La défaite de Pascal Arrighi aux législatives du printemps 1988 l’affaiblit. En juillet 1988, la dissolution du bureau de la fédération de Marseille dont il était le secrétaire, puis le mois suivant la fusion des deux fédérations des Bouches-du-Rhône, imposée par Jean-Pierre Stirbois, aboutit à la mise à l’écart de celui qui avait été localement l’homme fort du parti au point d’être pressenti un temps comme le candidat du FN aux municipales de 1989 à Marseille, selon des assurances données en 1986 et confirmées en juin 1987 par Jean-Marie Le Pen lui-même. En septembre 1988, il est suspendu par le bureau politique.

Pascal Arrighi a en effet critiqué Jean-Marie Le Pen après son calembour sur le ministre de la fonction publique (Michel Durafour qualifié de « Durafour-crématoire » par le leader frontiste), estimant « qu’avec des mots encore chargés de sens, on ne doit pas faire de mauvais calembours ». Il a surtout aggravé son cas en passant à l’offensive lors d’une interview au Quotidien de Paris. Il y avait lancé un appel « aux éléments modérés du Front national », les incitant à « se regrouper et exiger la tenue d’un congrès », précisant qu’il annoncerait lors de ce même congrès « le remplacement des extrémistes qui sont à la tête du Front national, notamment de Jean-Pierre Stirbois »... Sommé à comparaître devant les instances disciplinaires du FN, Pascal Arrighi refuse la convocation et déclare : « je me suspends pour toujours ». Il déchire même sa carte de militant en direct sur Europe 1. L’ancien député crée dans les mois suivants une « association des cadres et membres du bureau de l’ancienne fédération de Marseille regroupés autour de leur ancien président », mais l’organisation fonctionne mal. Il se rapproche aussi des amis d’André Lambert, patron du bar Les Yachts, qui a créé à la fin août 1988 une nouvelle organisation : les Comités Provençaux pour le Rassemblement (CPR). L’organisation, très anti-parisienne, rassemble les déçus marseillais du lepénisme et représente alors un tiers des adhérents locaux du FN.
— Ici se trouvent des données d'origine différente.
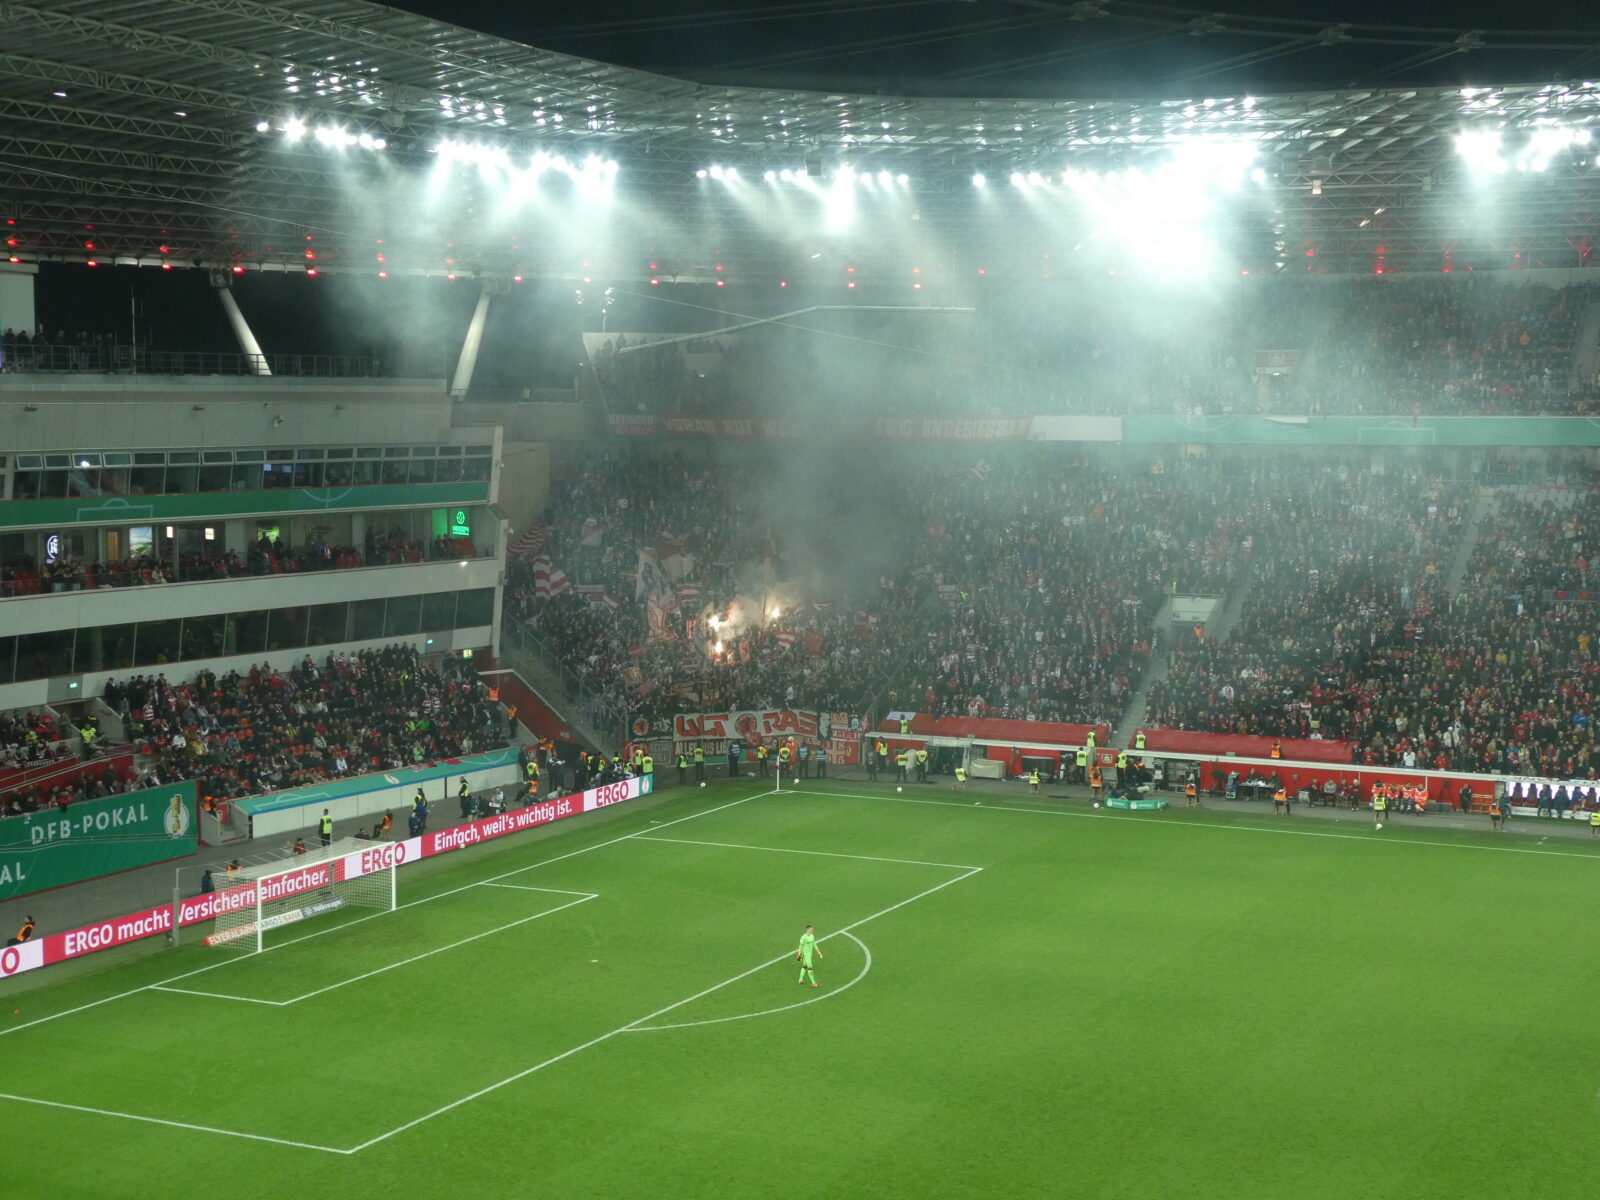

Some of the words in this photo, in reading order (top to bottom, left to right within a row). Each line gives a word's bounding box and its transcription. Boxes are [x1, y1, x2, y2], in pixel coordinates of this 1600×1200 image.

[595, 781, 629, 807] ERGO
[31, 803, 149, 846] DFB-POKAL
[434, 822, 481, 852] Einfach,
[516, 802, 556, 828] wichtig
[557, 799, 573, 815] ist.
[361, 842, 406, 874] ERGO
[64, 924, 113, 956] ERGO
[117, 908, 171, 938] macht
[178, 888, 256, 923] Versichern
[260, 869, 329, 900] einfacher.
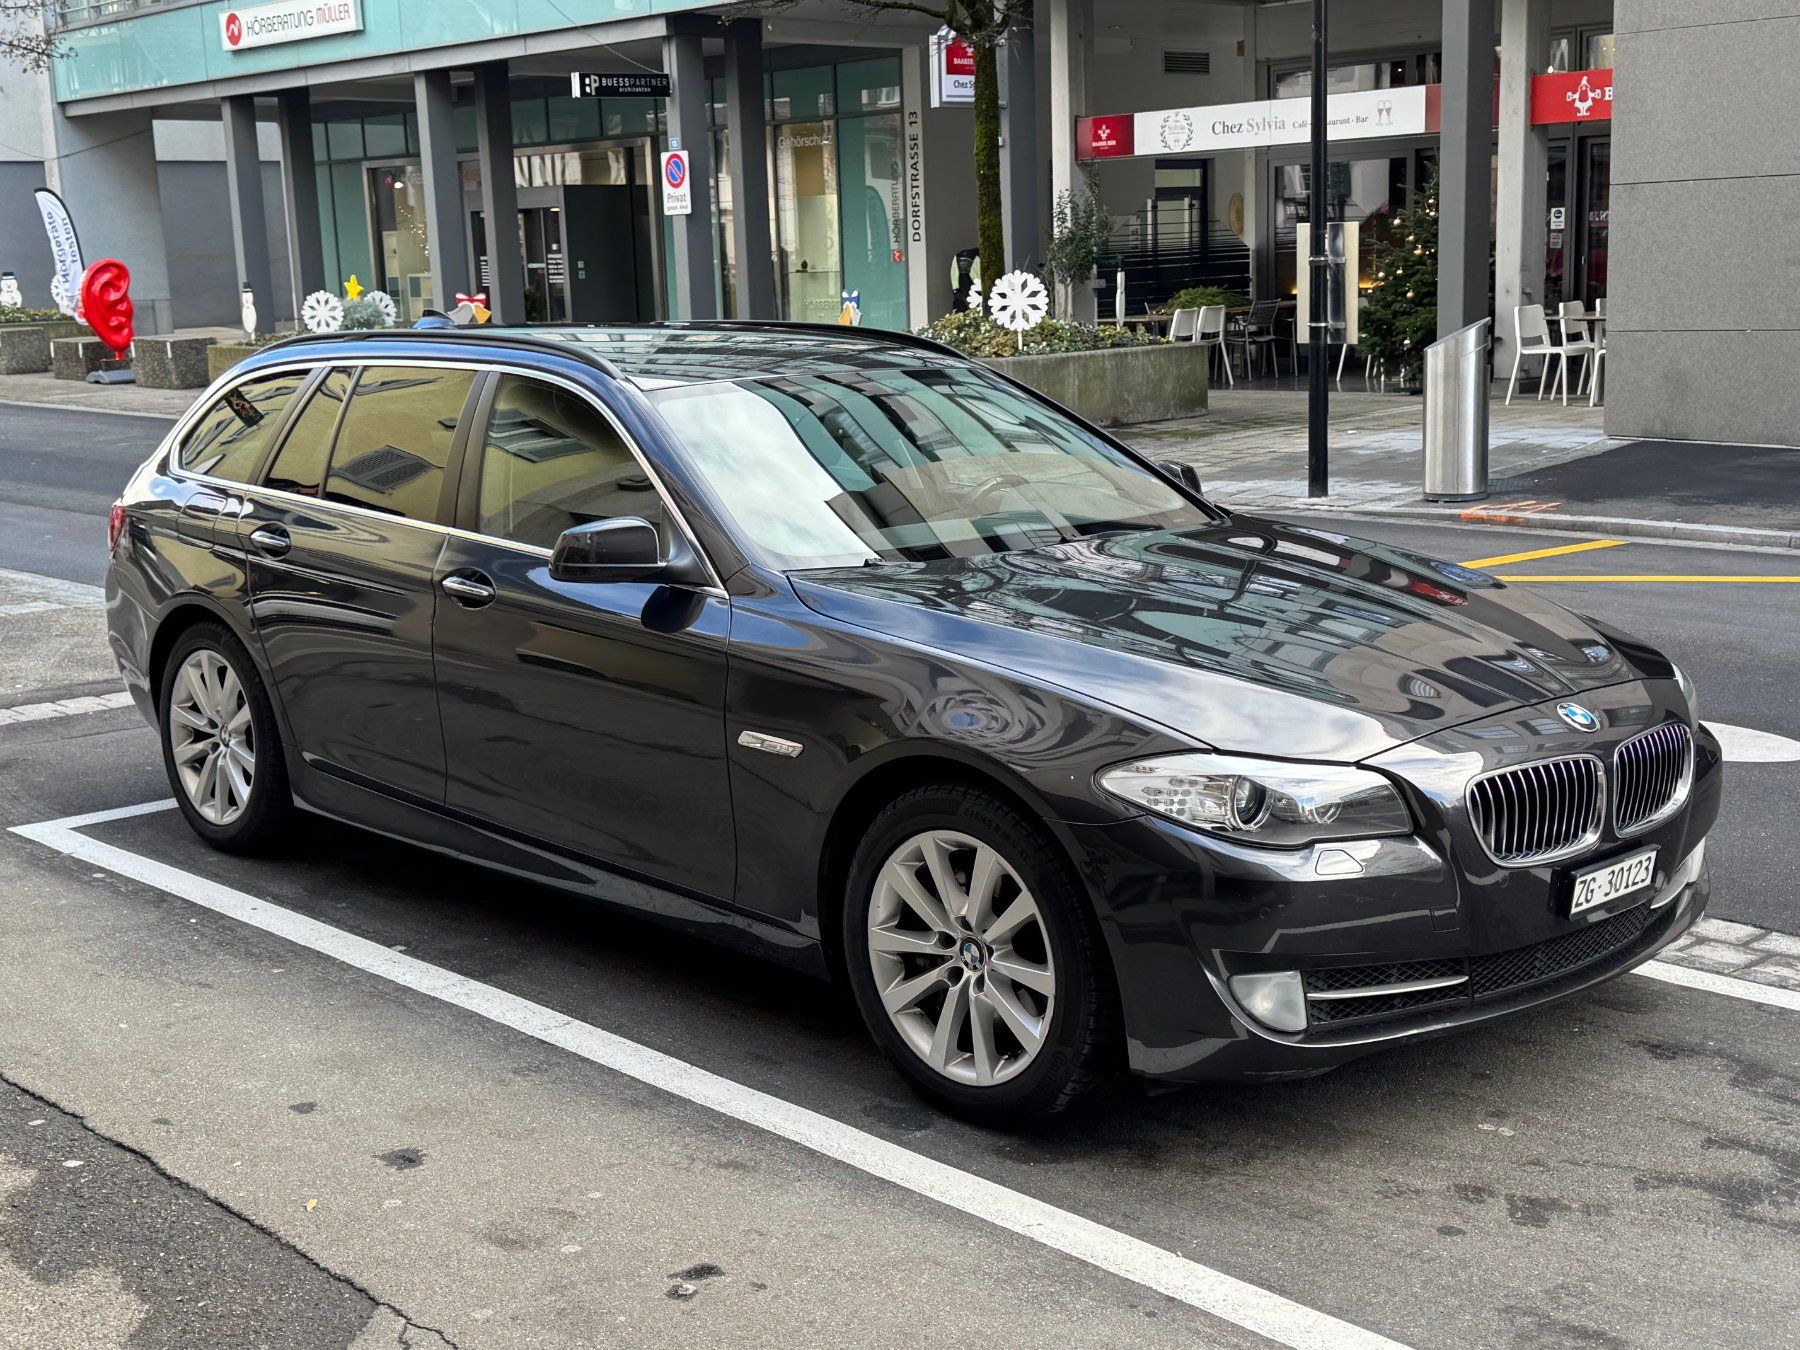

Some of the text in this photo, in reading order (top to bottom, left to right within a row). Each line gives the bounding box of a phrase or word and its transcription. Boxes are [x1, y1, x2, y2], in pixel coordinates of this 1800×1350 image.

 l’automne, Pascal Arrighi tente de fédérer à l’échelle nationale des proches autour d’un éphémère parti, le RAF (Rassembler, agir pour la France). Il est chargé de la coordination nationale du mouvement dont Guy Harle d’Ophove, ancien vice-président FN du Conseil régional de Picardie, est le président, après son exclusion du Front national alors qu’il était secrétaire départemental de l’Oise. Le RAF se veut selon ses créateurs « l’aiguillon de la droite qui n’occulte pas les réalités locales ». Il présente également aux municipales du printemps 1989 à Marseille des listes ARRIGHI (Association républicaine régionale d’intérêt général, Halte à l’immigration illégale, l’adjectif « illégale » ayant été ajouté pour « ne pas avoir d’ennui avec le MRAP » selon l’ancien député…) dans quatre secteurs de la ville, dont celui du centre-ville où se présente sa femme, Marie-Jeanne Arrighi, chargée d’enseignement pour l’italien à Toulon. Ces deux opérations ne sont pas concluantes. Pascal Arrighi choisit donc de rallier le CNI en octobre 1989 avec treize autres figures du FN, dont François Bachelot. En revanche, son appel aux « éléments modérés du Front national », invités à rejoindre le CNI, reste sans effet sur le plan électoral. Il conservera jusqu’au bout du ressentiment à l’égard de Jean-Marie Le Pen, estimant que ce dernier s’était « enfermé dans une stratégie de bunker ». Mais il réservera l’essentiel de sa rancune à Jean-Pierre Stirbois, accusé d’avoir « cassé et détruit » le FN à Marseille.

Retiré à Toulon, Pascal Arrighi renonce à tout engagement politique en 1998. Ce grand Résistant, cet ancien commando et ce passionné de l’Algérie française, qui avait mené de front une triple carrière d’homme politique, de juriste et d’universitaire, décède le 19 août 2004. Commandeur de la Légion d’honneur et des Palmes académiques, il était décoré de la Médaille militaire, de la Croix de guerre (avec trois citations), de la Médaille de la Résistance, de la Médaille des Évadés, de la Médaille de l’Ordre de l’Économie nationale et de la Médaille de l’Aéronautique. Pascal Arrighi était le frère de Mgr Jean-François Arrighi, vice-président du conseil pontifical pour la famille et évêque titulaire de Vico-Equeuse (Corse).